Ein Mohr im Dorfe

Es gibt Situationen, da überlegt man sich schon, wie das jetzt wohl von aussen aussieht. Gestern morgen war so eine.

Es hat ausnahmsweise mal 30 Minuten nicht geregnet und ich wollte Kind Nummer Zwei die Gelegenheit geben, zumindest etwas von seiner angestauten Energie auf den 500 Metern bis zum Kindergarten abzubauen, indem wir zu Fuß gehen. Das Kind sah das anders. Es wollte mit dem Auto fahren, weil da, wie ich im Nachhinein erfuhr, sein geheimer Süssigkeitenvorrat vom Vortag drin war.

„Mama, wir fahren mit dem Auto.“ Sprach´s und ging schon mal an die hintere Tür.

„Nein, Schatz, schau es regnet nicht und ich möchte zu Fuß gehen.“ Mutter hat derweil schon das Gartentor in der Hand.

„Nein, Auto fahrn. Ich will Auto.“ Kind rührt sich keinen Zentimeter.

„Ich nicht und ich hab den Schlüssel, ich hab gewonnen. Also komm.“ Mutter gibt die Autoritäre und tritt durch das Gartentor. Böser Fehler. Die Sirene geht an.

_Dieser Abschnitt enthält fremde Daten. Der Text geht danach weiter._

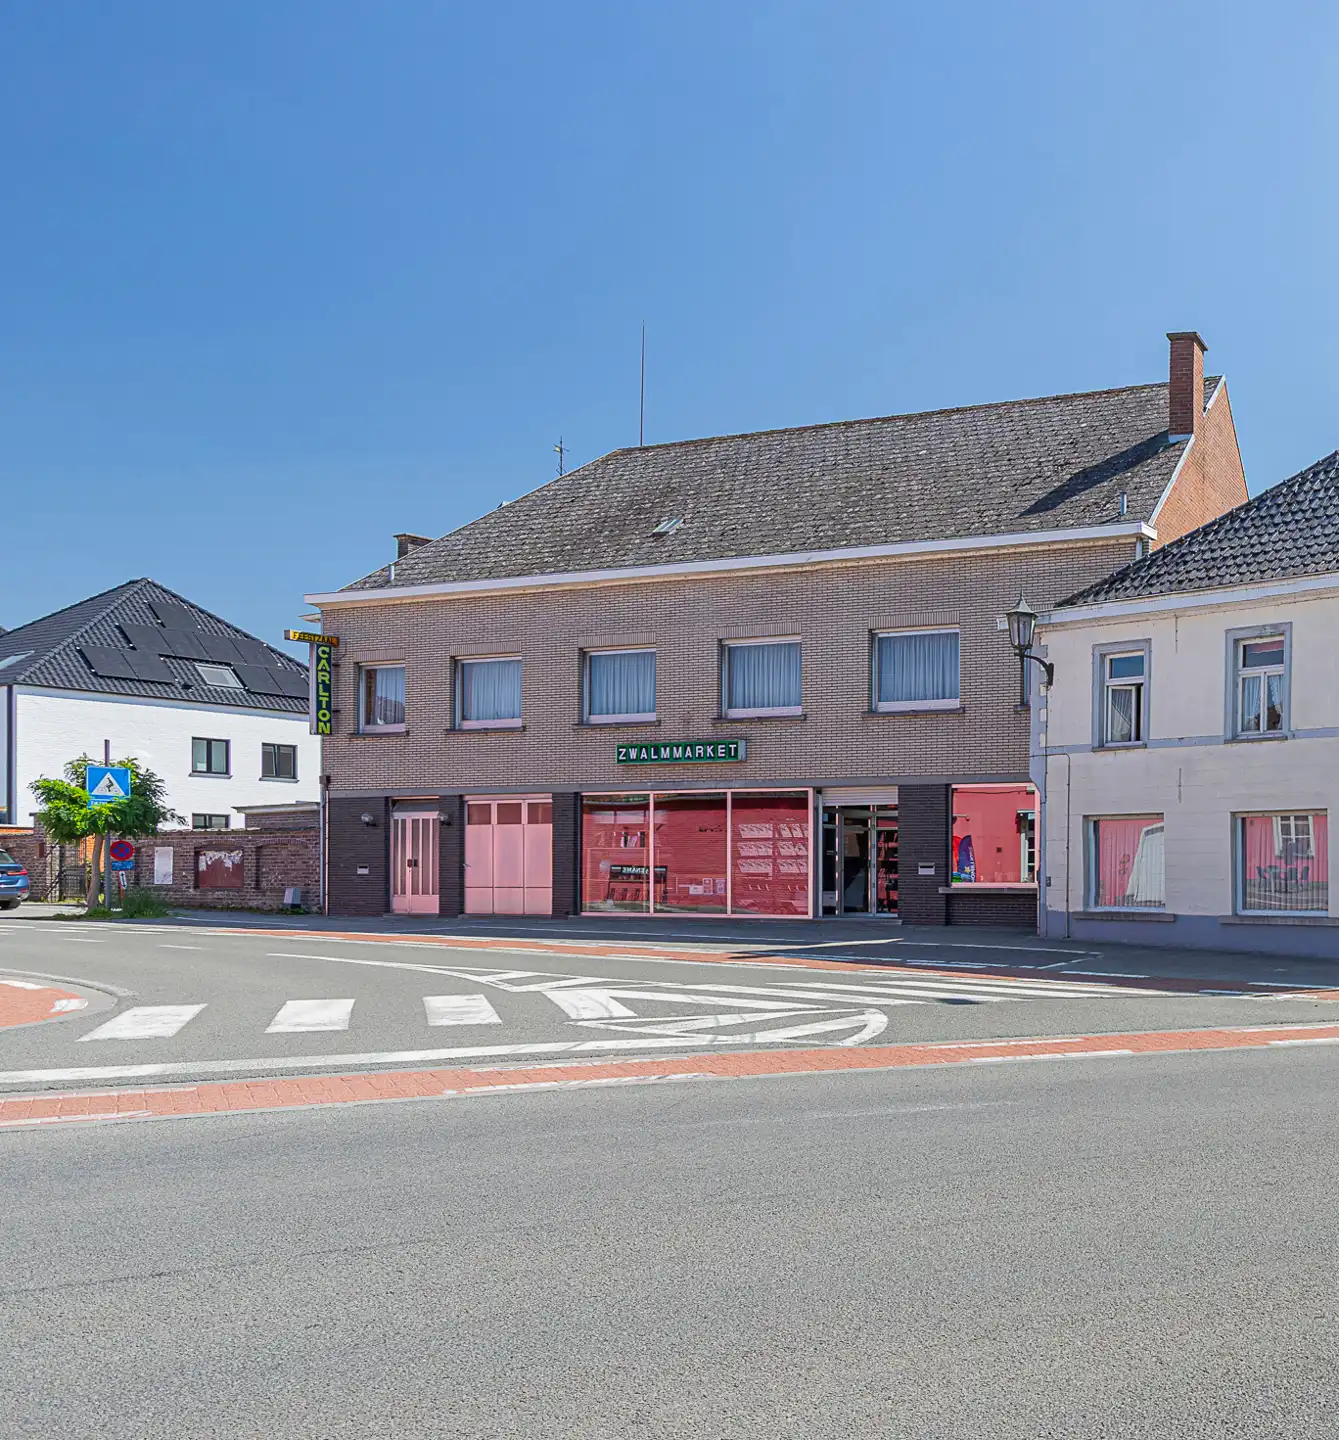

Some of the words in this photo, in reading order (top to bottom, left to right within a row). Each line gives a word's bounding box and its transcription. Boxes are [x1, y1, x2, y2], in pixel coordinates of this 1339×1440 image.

[293, 632, 335, 645] FEESTZAAL
[317, 646, 331, 734] CARLTON
[618, 744, 738, 760] ZWALMMARKET

„IwiabbbaaaaAuuuuuuuutoooooo!“ Diesen Satz konnte man ab diesem Zeitpunkt auf 500m alle 50cm hören. In variierender Lautstärke. Und wie ich also rief

„Ich geh dann schon mal vor!“, was dankenswerterweise bei meinem Sohn zwar einerseits eine Wutanfallsteigerung, aber andererseits wenigstens Bewegung in die richtige Richtung bedeutet, kam mir ein Artikel von Herrn Mohr in den Sinn, den ich unlängst gelesen habe. Was genau würde dieser Mann jetzt denken und damit auch schreiben, wenn er sich aus Versehen aus seinem städtischen Biotop in unser Dorf verirren würde? Außer, dass er über die sehr deutschen Vorgärten und die fast ganz sauberen, wenn auch holprigen Straßen bösartige Bemerkungen machen würde.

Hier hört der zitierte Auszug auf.